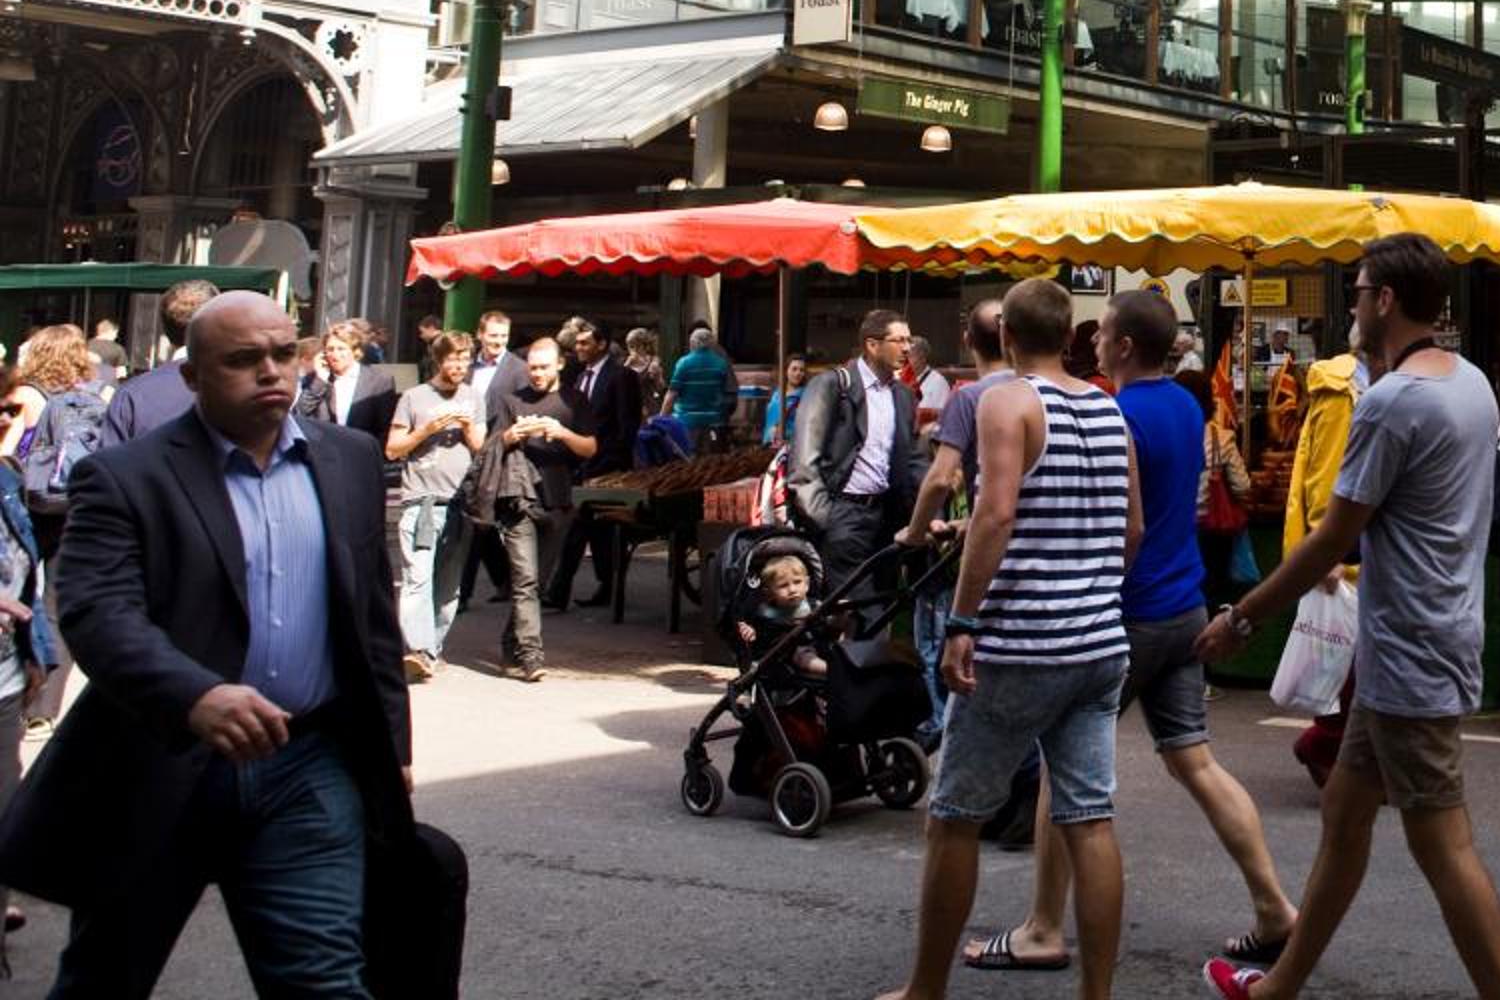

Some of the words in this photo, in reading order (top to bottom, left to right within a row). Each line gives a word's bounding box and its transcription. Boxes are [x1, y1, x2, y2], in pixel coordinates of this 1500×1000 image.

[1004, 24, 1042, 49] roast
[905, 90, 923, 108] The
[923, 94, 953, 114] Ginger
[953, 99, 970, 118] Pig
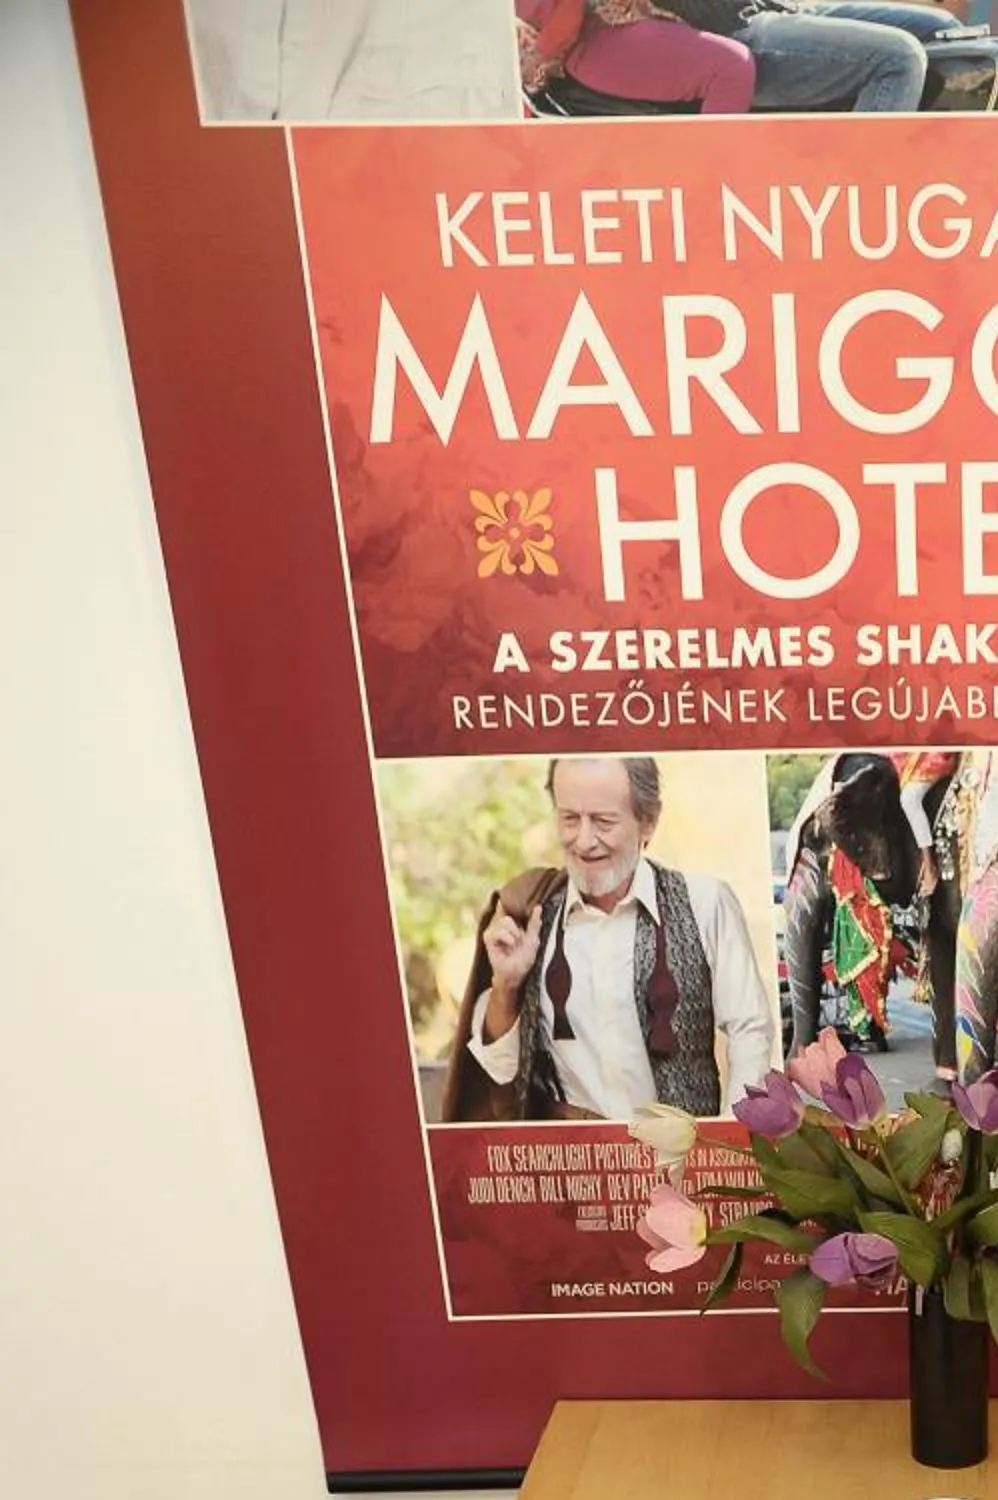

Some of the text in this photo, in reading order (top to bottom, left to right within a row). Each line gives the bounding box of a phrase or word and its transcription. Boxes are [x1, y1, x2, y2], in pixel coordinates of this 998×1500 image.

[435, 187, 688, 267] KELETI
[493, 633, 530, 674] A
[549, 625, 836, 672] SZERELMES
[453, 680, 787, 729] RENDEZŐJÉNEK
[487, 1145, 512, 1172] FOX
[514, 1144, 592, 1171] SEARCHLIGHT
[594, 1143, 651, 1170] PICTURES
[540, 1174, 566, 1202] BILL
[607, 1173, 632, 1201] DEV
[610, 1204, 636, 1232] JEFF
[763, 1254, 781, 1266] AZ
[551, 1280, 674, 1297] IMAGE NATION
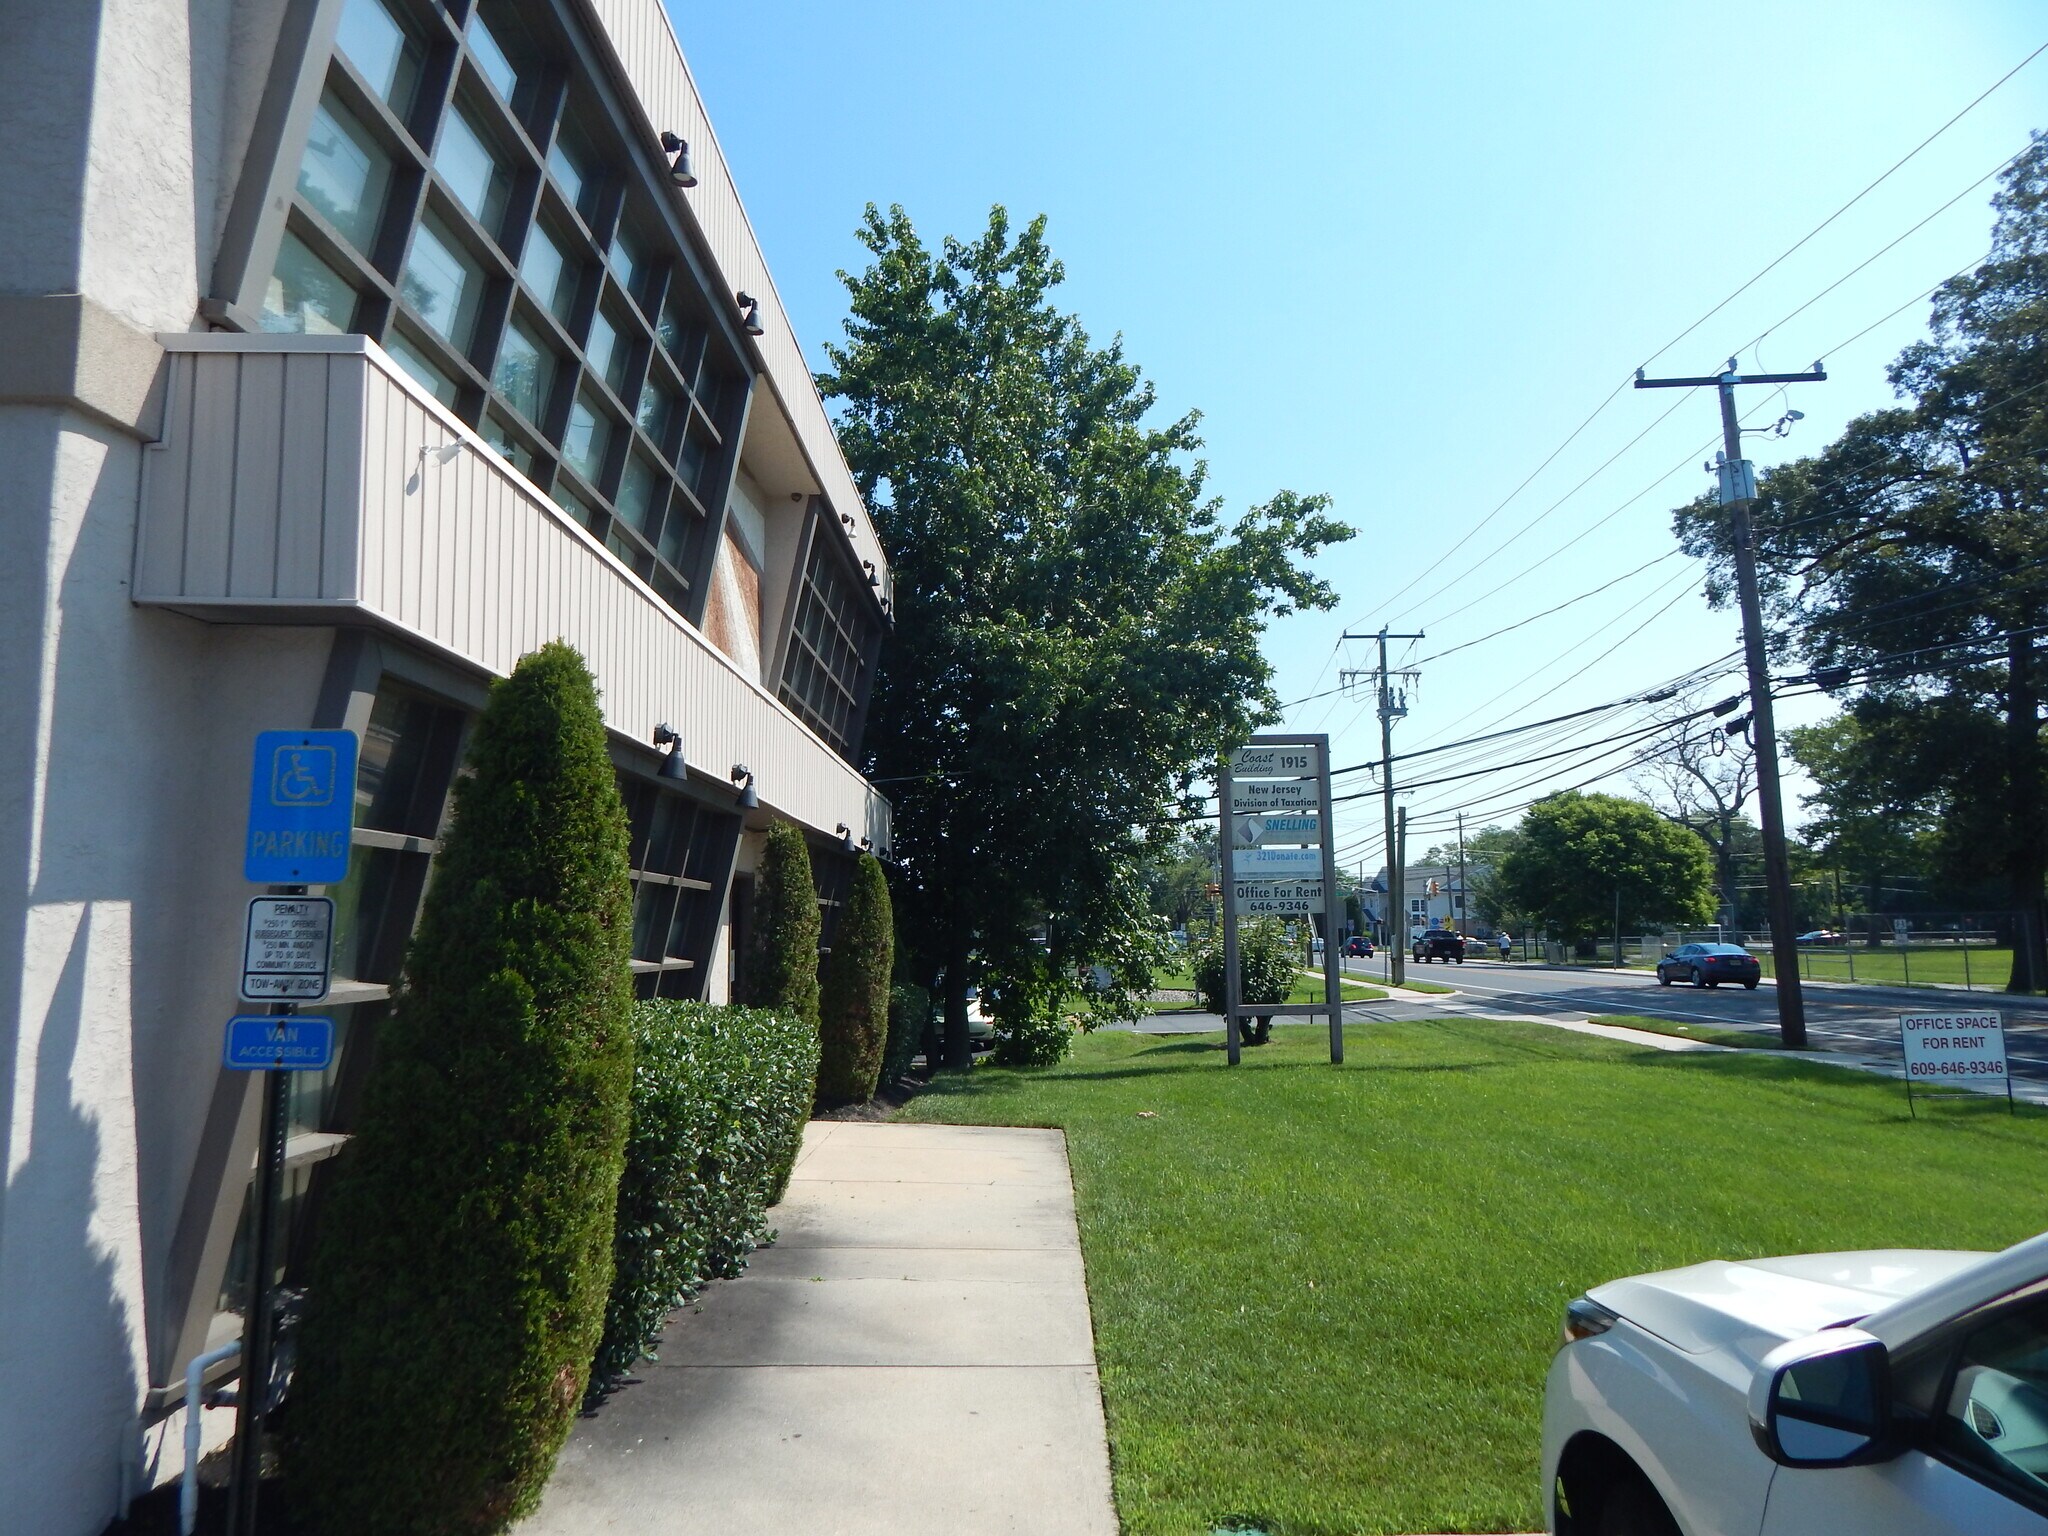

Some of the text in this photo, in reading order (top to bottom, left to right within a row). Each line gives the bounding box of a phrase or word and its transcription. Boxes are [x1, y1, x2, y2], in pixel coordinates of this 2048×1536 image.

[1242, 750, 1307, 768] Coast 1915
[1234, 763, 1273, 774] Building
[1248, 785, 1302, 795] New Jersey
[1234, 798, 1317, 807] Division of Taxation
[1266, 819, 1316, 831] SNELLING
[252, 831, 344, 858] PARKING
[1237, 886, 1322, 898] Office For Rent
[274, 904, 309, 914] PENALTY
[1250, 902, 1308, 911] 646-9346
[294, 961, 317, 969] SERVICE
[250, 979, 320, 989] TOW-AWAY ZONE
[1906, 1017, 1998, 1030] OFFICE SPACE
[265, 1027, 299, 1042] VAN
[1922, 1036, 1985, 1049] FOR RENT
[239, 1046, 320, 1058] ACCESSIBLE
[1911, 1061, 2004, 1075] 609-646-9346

ASSIGNED TASK:
Set down the entries again without change. Leave the pictures out.

TASK SOLUTION:
Some of the words in this photo, in reading order (top to bottom, left to right within a row). Each line gives a word's bounding box and its transcription. Boxes are [x1, y1, x2, y2], in pixel coordinates of this 1500×1000 image.

[1004, 24, 1042, 49] roast
[905, 90, 923, 108] The
[923, 94, 953, 114] Ginger
[953, 99, 970, 118] Pig

Some of the text in this photo, in reading order (top to bottom, left to right within a row). Each line gives the bounding box of a phrase or word and its transcription. Boxes are [x1, y1, x2, y2], in pixel coordinates of this 998×1500 image.

[435, 187, 688, 267] KELETI
[493, 633, 530, 674] A
[549, 625, 836, 672] SZERELMES
[453, 680, 787, 729] RENDEZŐJÉNEK
[487, 1145, 512, 1172] FOX
[514, 1144, 592, 1171] SEARCHLIGHT
[594, 1143, 651, 1170] PICTURES
[540, 1174, 566, 1202] BILL
[607, 1173, 632, 1201] DEV
[610, 1204, 636, 1232] JEFF
[763, 1254, 781, 1266] AZ
[551, 1280, 674, 1297] IMAGE NATION

Some of the text in this photo, in reading order (top to bottom, left to right within a row). Each line gives the bounding box of a phrase or word and its transcription. Boxes are [x1, y1, x2, y2], in pixel coordinates of this 2048×1536 image.

[1242, 750, 1307, 768] Coast 1915
[1234, 763, 1273, 774] Building
[1248, 785, 1302, 795] New Jersey
[1234, 798, 1317, 807] Division of Taxation
[1266, 819, 1316, 831] SNELLING
[252, 831, 344, 858] PARKING
[1237, 886, 1322, 898] Office For Rent
[274, 904, 309, 914] PENALTY
[1250, 902, 1308, 911] 646-9346
[294, 961, 317, 969] SERVICE
[250, 979, 320, 989] TOW-AWAY ZONE
[1906, 1017, 1998, 1030] OFFICE SPACE
[265, 1027, 299, 1042] VAN
[1922, 1036, 1985, 1049] FOR RENT
[239, 1046, 320, 1058] ACCESSIBLE
[1911, 1061, 2004, 1075] 609-646-9346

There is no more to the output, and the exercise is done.